## ACTIVITY
Leaving out the pictures, output each record exactly as it stands.

## THE RECORDS
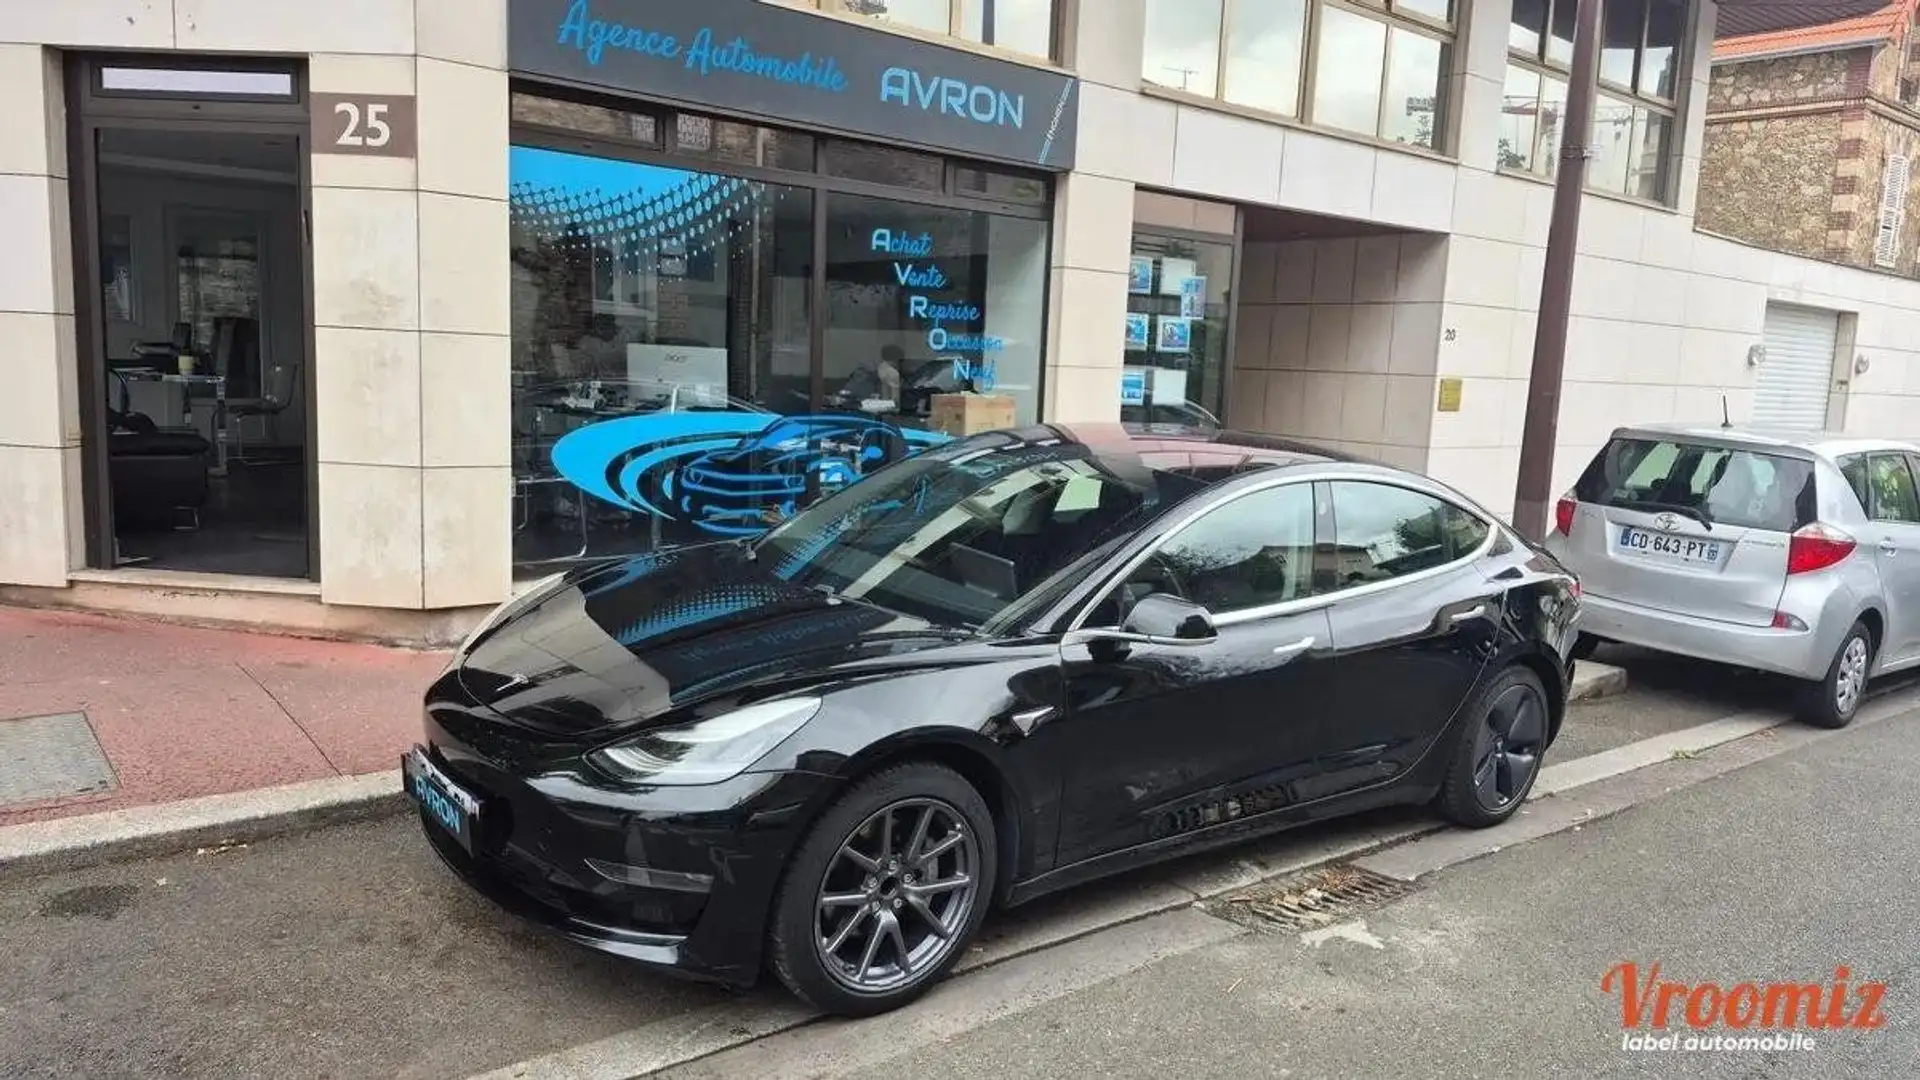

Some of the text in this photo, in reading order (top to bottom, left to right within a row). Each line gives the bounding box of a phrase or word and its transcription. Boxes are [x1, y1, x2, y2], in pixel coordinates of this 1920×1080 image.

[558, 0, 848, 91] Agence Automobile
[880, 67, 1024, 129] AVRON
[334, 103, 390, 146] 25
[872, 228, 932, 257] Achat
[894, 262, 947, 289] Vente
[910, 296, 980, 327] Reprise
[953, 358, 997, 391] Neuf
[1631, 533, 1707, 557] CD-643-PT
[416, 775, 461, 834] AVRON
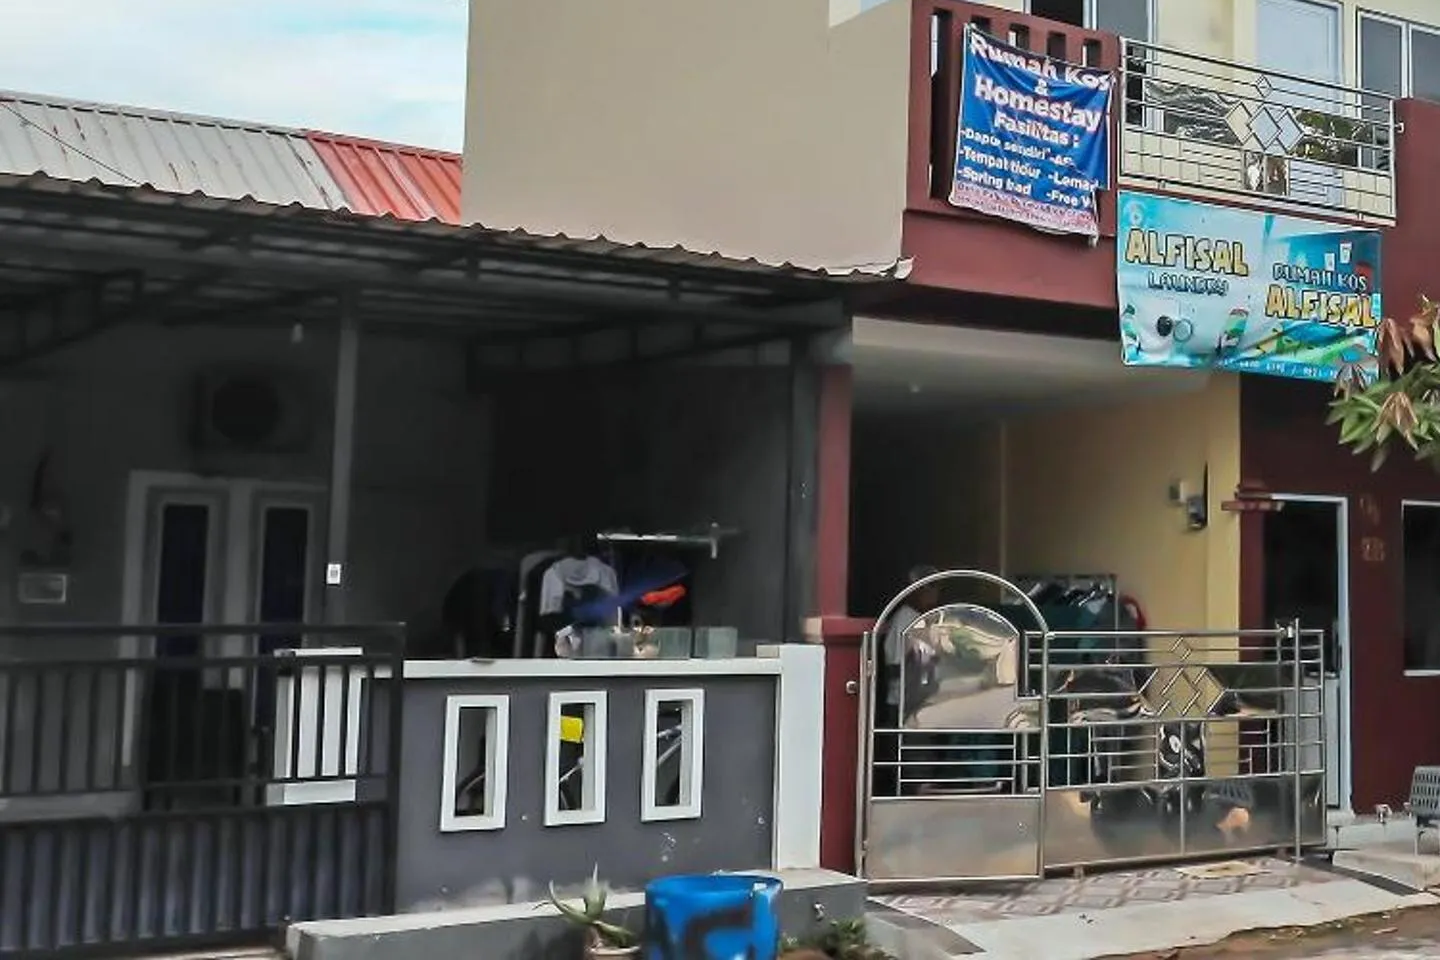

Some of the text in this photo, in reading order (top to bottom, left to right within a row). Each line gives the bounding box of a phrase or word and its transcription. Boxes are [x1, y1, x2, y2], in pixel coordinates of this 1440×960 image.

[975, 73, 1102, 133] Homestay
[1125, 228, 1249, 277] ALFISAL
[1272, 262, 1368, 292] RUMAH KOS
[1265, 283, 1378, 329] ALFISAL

## WRITTEN SOLUTION
Some of the text in this photo, in reading order (top to bottom, left to right within a row). Each line gives the bounding box of a phrase or word and its transcription. Boxes are [x1, y1, x2, y2], in pixel coordinates of this 1920×1080 image.

[558, 0, 848, 91] Agence Automobile
[880, 67, 1024, 129] AVRON
[334, 103, 390, 146] 25
[872, 228, 932, 257] Achat
[894, 262, 947, 289] Vente
[910, 296, 980, 327] Reprise
[953, 358, 997, 391] Neuf
[1631, 533, 1707, 557] CD-643-PT
[416, 775, 461, 834] AVRON

Some of the text in this photo, in reading order (top to bottom, left to right within a row). Each line gives the bounding box of a phrase or word and its transcription. Boxes are [x1, y1, x2, y2], in pixel coordinates of this 1440×960 image.

[975, 73, 1102, 133] Homestay
[1125, 228, 1249, 277] ALFISAL
[1272, 262, 1368, 292] RUMAH KOS
[1265, 283, 1378, 329] ALFISAL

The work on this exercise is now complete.